Any disagreements that may arise in scientific or programmatic matters (within the scope of the award) between award recipients and the NIH may be brought to Dispute Resolution. A Dispute Resolution Panel composed of three members will be convened. It will have three members: a designee of the Steering Committee chosen without NIH staff voting, one NIH designee, and a third designee with expertise in the relevant area who is chosen by the other two; in the case of individual disagreement, the first member may be chosen by the individual awardee. This special dispute resolution procedure does not alter the awardee's right to appeal an adverse action that is otherwise appealable in accordance with PHS regulation 42 CFR Part 50, Subpart D and DHHS regulation 45 CFR Part 16.

3. Reporting

When multiple years are involved, awardees will be required to submit the annual Non-Competing Progress Report (PHS 2590 or RPPR) and financial statements as required in the NIH Grants Policy Statement.

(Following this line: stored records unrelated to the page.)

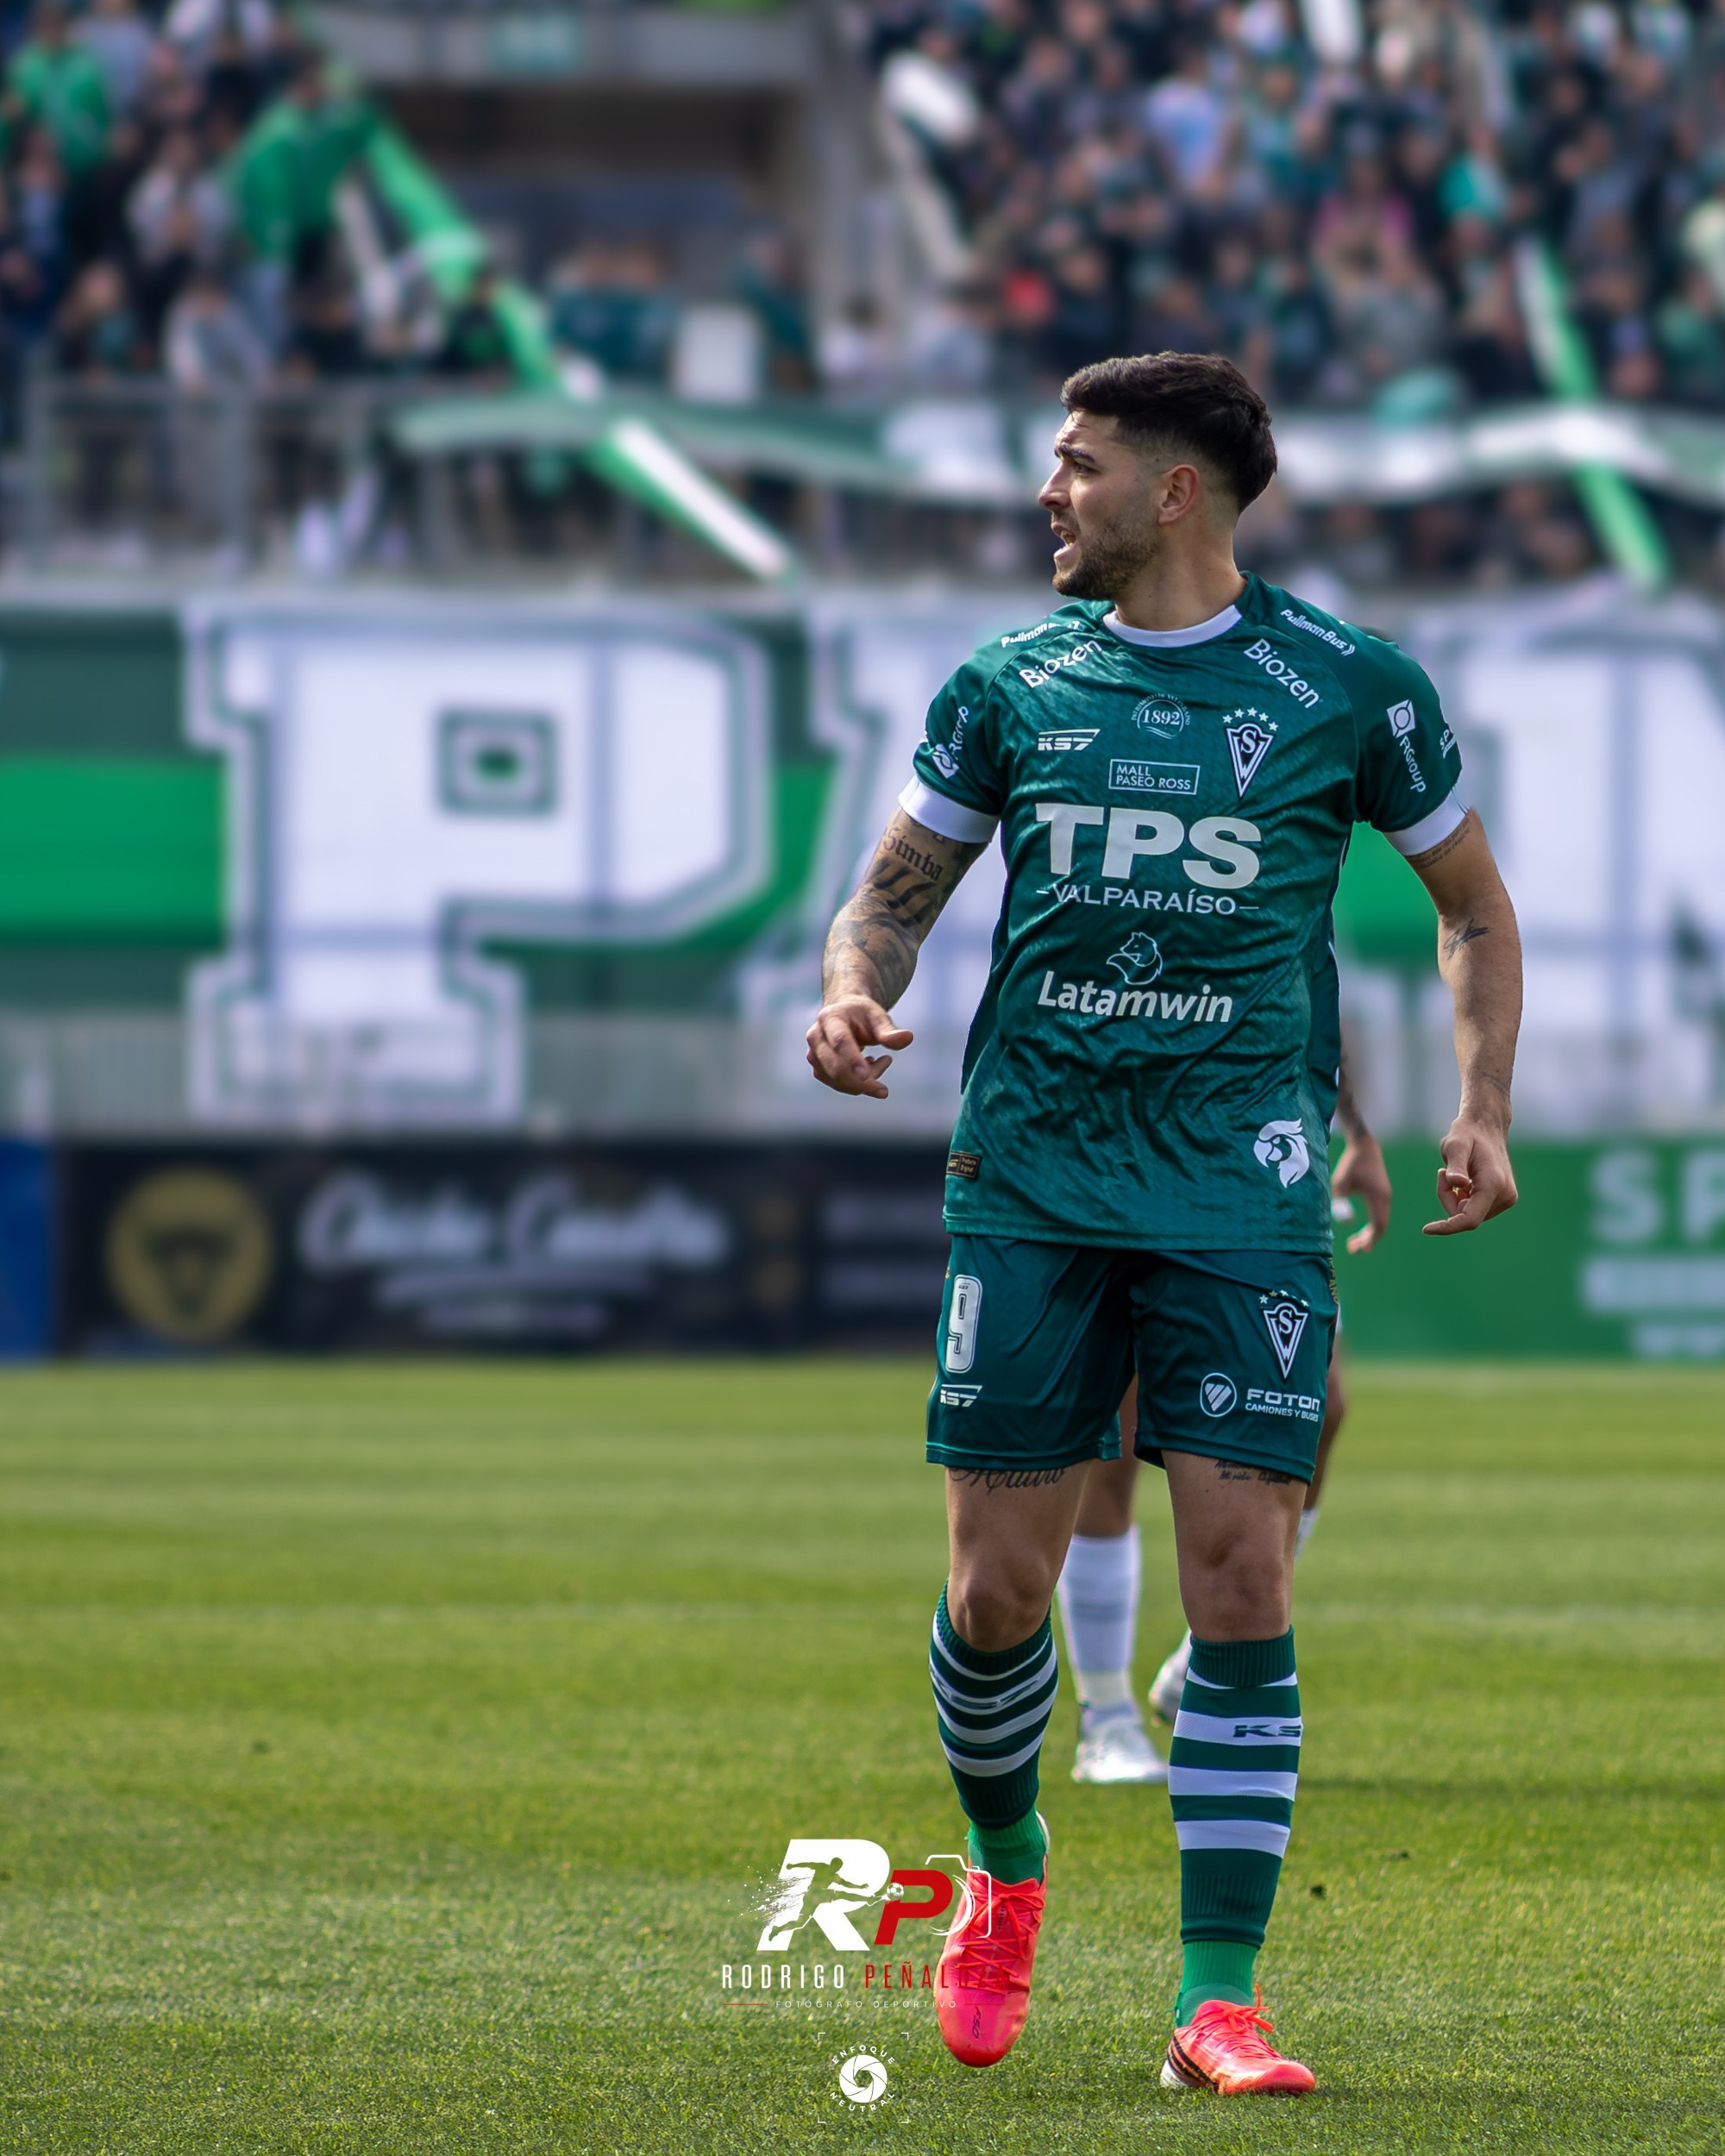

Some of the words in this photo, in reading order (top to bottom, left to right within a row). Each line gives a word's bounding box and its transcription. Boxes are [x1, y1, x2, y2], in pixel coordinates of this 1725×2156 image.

[1019, 640, 1102, 688] Biozen
[1244, 638, 1320, 709] Biozen
[1142, 709, 1181, 725] 1892
[1038, 733, 1096, 751] KS7
[1399, 736, 1427, 793] RGroup
[1115, 775, 1156, 788] PASEO
[1158, 778, 1191, 791] ROSS
[1116, 764, 1151, 776] MALL
[883, 827, 944, 881] Simba
[1035, 803, 1262, 889] TPS
[1052, 883, 1237, 916] VALPARAÍSO
[1038, 970, 1233, 1023] Latamwin
[945, 1274, 982, 1373] 9
[1245, 1402, 1293, 1417] CAMIONES
[1295, 1409, 1301, 1418] Y
[1301, 1411, 1319, 1422] BUSES

A final progress report, invention statement, and the expenditure data portion of the Federal Financial Report are required for closeout of an award, as described in the NIH Grants Policy Statement.

The Federal Funding Accountability and Transparency Act of 2006 (Transparency Act), includes a requirement for awardees of Federal grants to report information about first-tier subawards and executive compensation under Federal assistance awards issued in FY2011 or later. All awardees of applicable NIH grants and cooperative agreements are required to report to the Federal Subaward Reporting System (FSRS) available at www.fsrs.gov on all subawards over $25,000. See the NIH Grants Policy Statement for additional information on this reporting requirement.

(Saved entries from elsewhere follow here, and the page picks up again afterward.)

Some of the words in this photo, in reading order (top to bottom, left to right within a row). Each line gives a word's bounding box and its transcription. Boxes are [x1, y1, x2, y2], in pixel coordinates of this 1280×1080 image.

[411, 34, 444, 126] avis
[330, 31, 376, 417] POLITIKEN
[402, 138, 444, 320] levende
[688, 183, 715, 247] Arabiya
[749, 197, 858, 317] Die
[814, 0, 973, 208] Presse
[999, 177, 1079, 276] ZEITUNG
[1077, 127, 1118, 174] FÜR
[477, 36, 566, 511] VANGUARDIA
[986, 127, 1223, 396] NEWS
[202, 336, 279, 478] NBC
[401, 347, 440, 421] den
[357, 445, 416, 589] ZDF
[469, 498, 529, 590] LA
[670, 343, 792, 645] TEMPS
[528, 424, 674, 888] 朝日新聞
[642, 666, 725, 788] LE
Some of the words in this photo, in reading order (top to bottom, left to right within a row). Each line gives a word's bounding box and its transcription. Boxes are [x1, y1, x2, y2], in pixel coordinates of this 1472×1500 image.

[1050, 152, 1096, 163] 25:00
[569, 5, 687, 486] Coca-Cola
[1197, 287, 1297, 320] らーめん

Section VII. Agency Contacts

We encourage inquiries concerning this funding opportunity and welcome the opportunity to answer questions from potential applicants.

Application Submission Contacts

eRA Commons Help Desk (Questions regarding eRA Commons registration, submitting and tracking an application, documenting system problems that threaten submission by the due date, post submission issues)
Telephone: 301-402-7469 or 866-504-9552 (Toll Free)

Web ticketing system: https://public.era.nih.gov/commonshelp
TTY: 301-451-5939
Email: commons@od.nih.gov

Grants.gov Customer Support (Questions regarding Grants.gov registration and submission, downloading forms and application packages)
Contact Center Telephone: 800-518-4726

Web ticketing system: https://grants-portal.psc.gov/ContactUs.aspx
Email: support@grants.gov

GrantsInfo (Questions regarding application instructions and process, finding NIH grant resources)
Telephone: 301-710-0267
TTY: 301-451-5936
Email: GrantsInfo@nih.gov

Scientific/Research Contact(s)

Nancy D. Bridges, M.D.
National Institute of Allergy and Infectious Diseases (NIAID)
Telephone: 301-451-4406
Email: nbridges@niaid.nih.gov

Peer Review Contact(s)

James T. Snyder, PhD
National Institute of Allergy and Infectious Diseases (NIAID)
Telephone: 301- 435-1614
Email: snyderji@mail.nih.gov

Financial/Grants Management Contact(s)

Roberta Dunlap Wolcott
National Institute for Allergy and Infectious Disease (NIAID)
Telephone: 301-451-2685
Email: wolcottr@niaid.nih.gov

Section VIII. Other Information

Recently issued trans-NIH policy notices may affect your application submission. A full list of policy notices published by NIH is provided in the NIH Guide for Grants and Contracts. All awards are subject to the terms and conditions, cost principles, and other considerations described in the NIH Grants Policy Statement.

Authority and Regulations

Awards are made under the authorization of Sections 301 and 405 of the Public Health Service Act as amended (42 USC 241 and 284) and under Federal Regulations 42 CFR Part 52 and 45 CFR Parts 74 and 92.